Work task
Among the entries below, the lines from the one with "this 1600×1200 image." up to and including the one with "this 1600×1067 image." are to be restated exactly, without pictures.

Source information

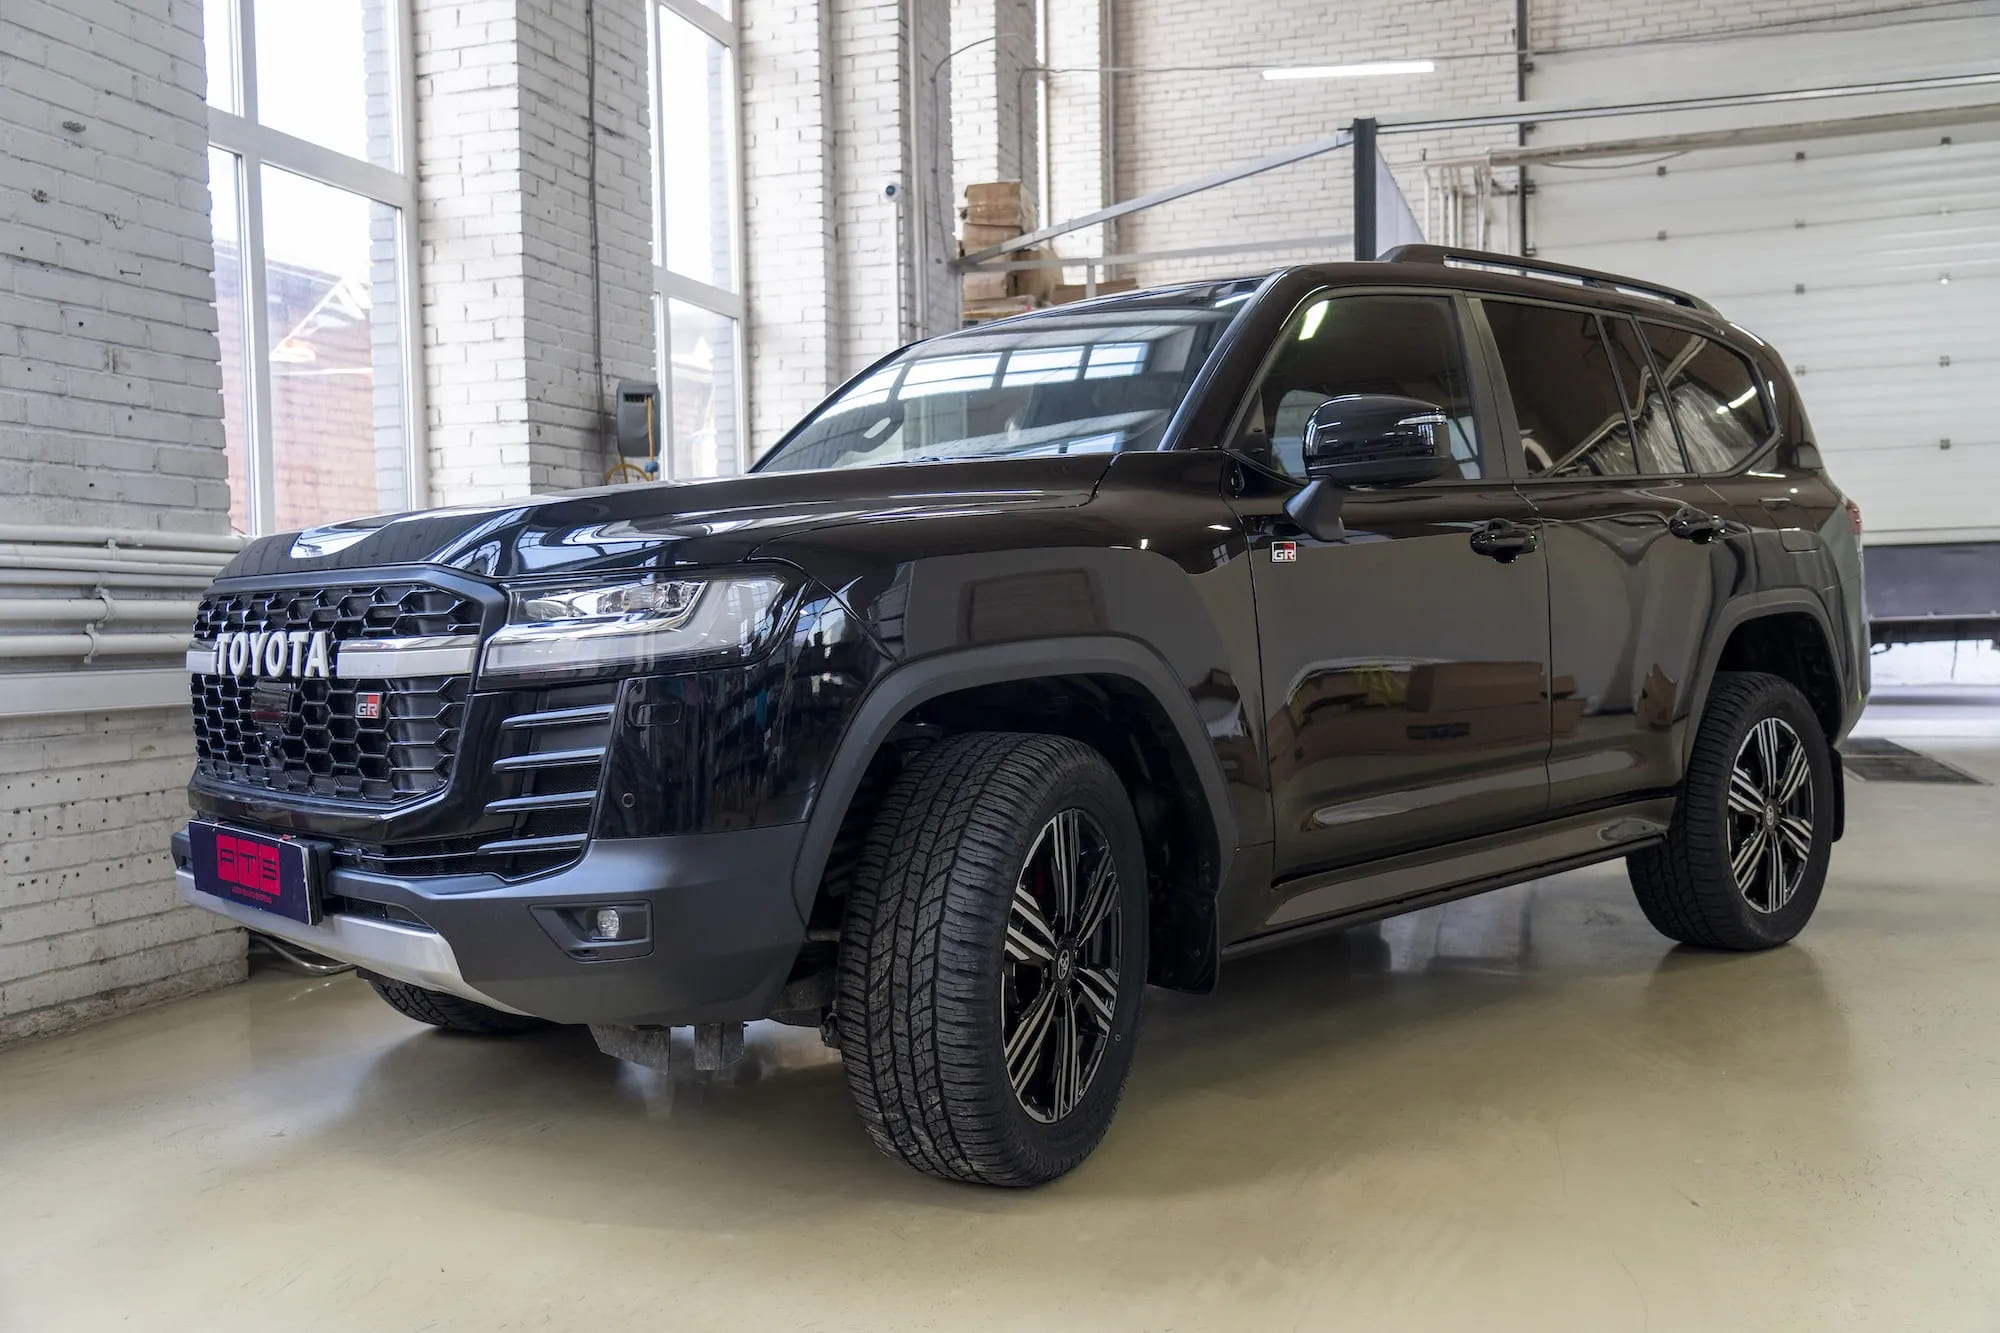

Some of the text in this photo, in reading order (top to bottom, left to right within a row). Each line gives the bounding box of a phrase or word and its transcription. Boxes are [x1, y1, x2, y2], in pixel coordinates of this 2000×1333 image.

==

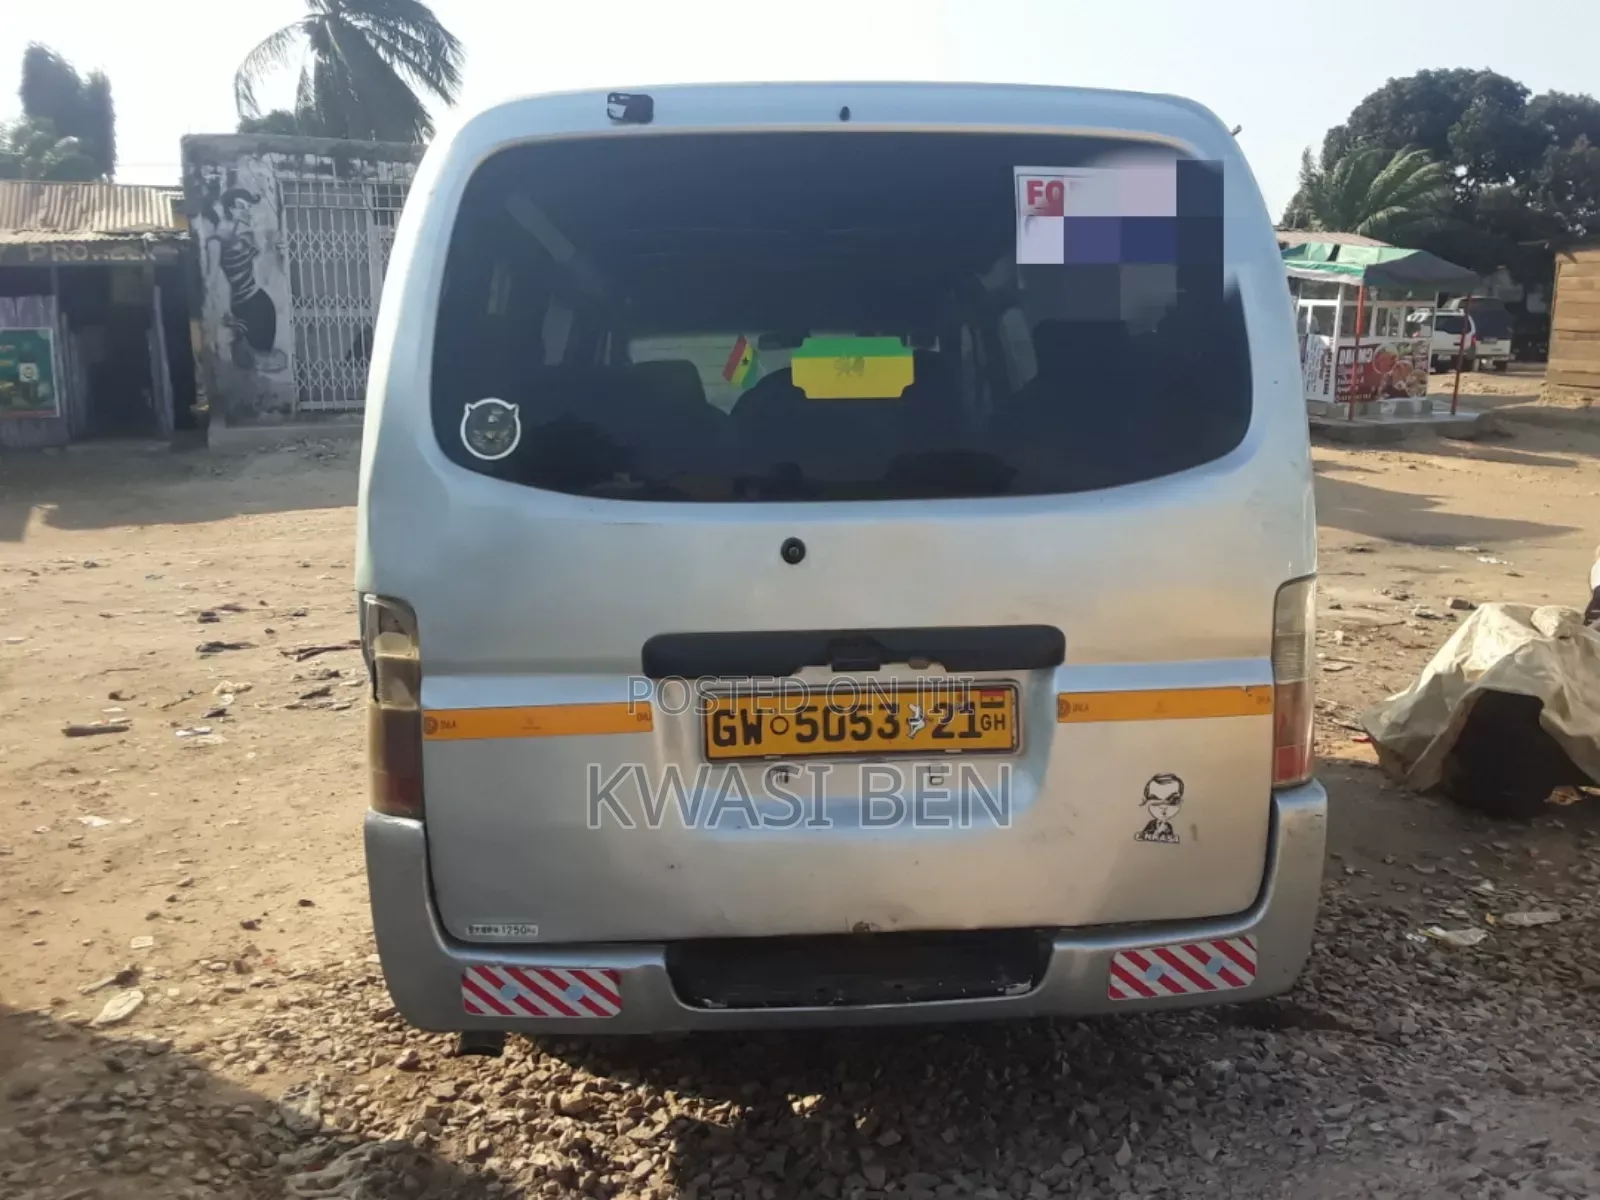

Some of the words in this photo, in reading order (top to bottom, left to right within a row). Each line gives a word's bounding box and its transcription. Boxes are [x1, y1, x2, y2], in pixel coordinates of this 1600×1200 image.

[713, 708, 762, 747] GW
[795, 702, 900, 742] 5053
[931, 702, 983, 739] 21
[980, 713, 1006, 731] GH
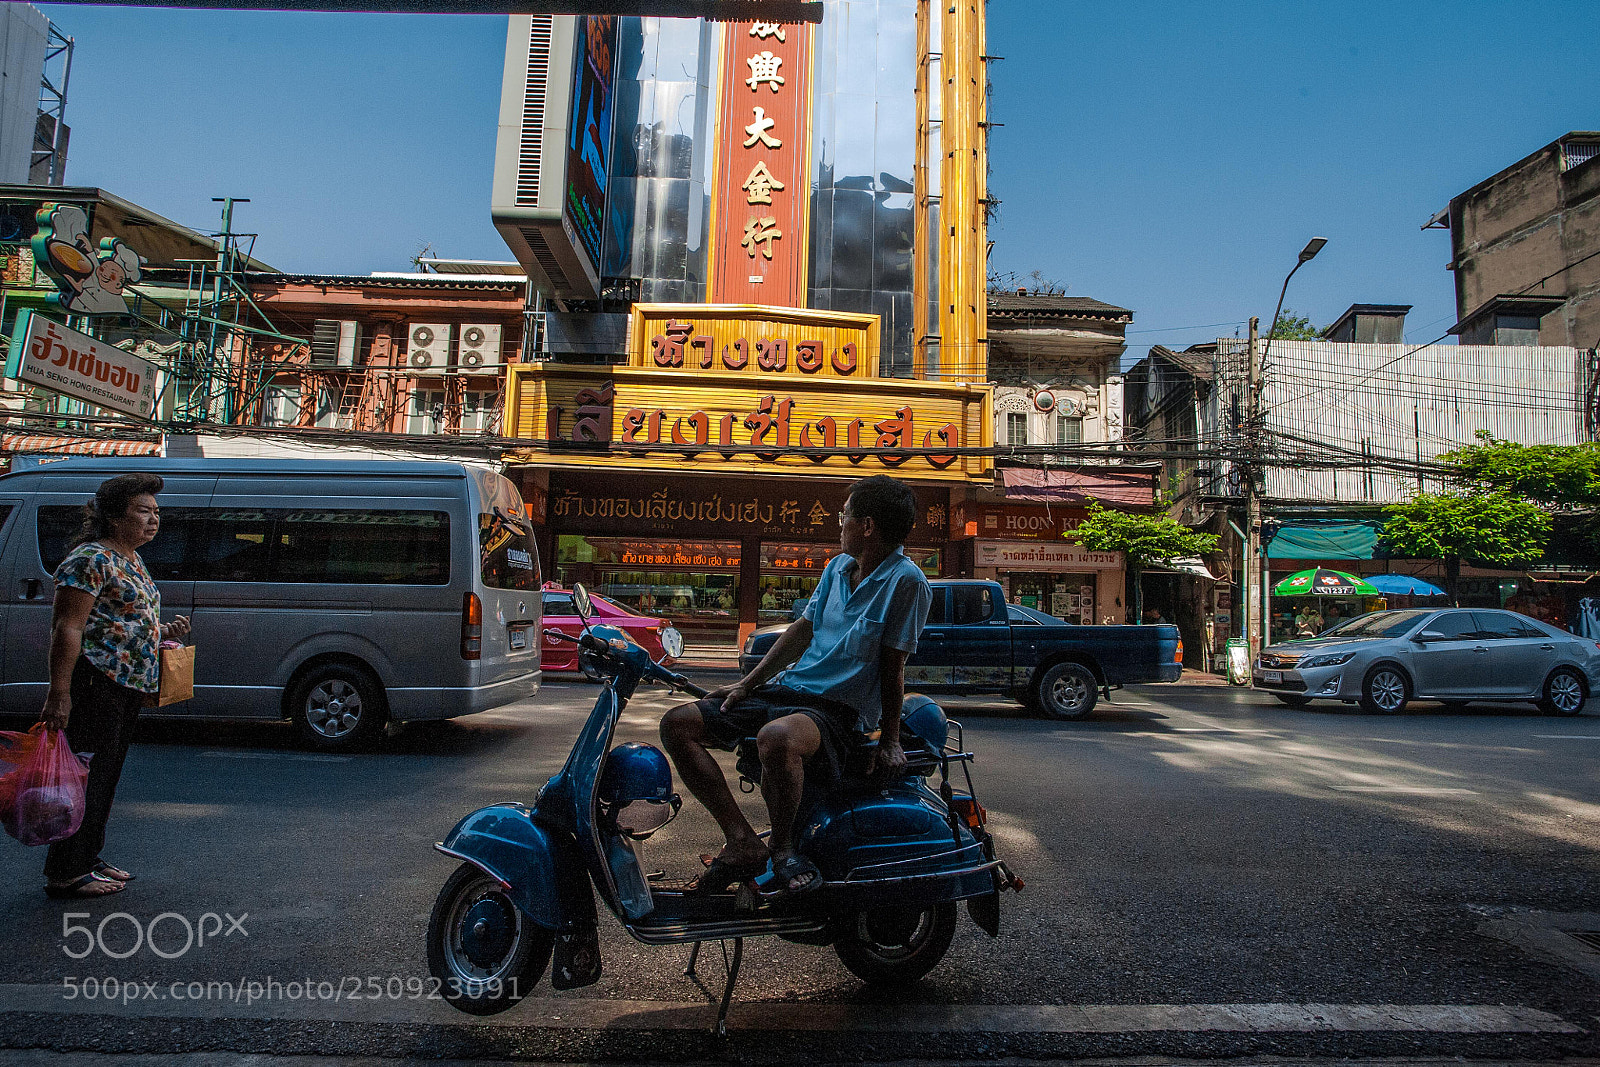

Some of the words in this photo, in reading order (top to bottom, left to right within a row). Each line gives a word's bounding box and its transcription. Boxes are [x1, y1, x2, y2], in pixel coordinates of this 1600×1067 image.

Written response
Some of the words in this photo, in reading order (top to bottom, left to right within a row). Each line gives a word's bounding box and its transcription. Boxes are [x1, y1, x2, y2], in pixel coordinates of this 1600×1200 image.

[713, 708, 762, 747] GW
[795, 702, 900, 742] 5053
[931, 702, 983, 739] 21
[980, 713, 1006, 731] GH

Some of the words in this photo, in reading order (top to bottom, left to right within a row). Each line gives a word's bounding box and its transcription. Boxes are [x1, y1, x2, y2], in pixel coordinates of this 1600×1067 image.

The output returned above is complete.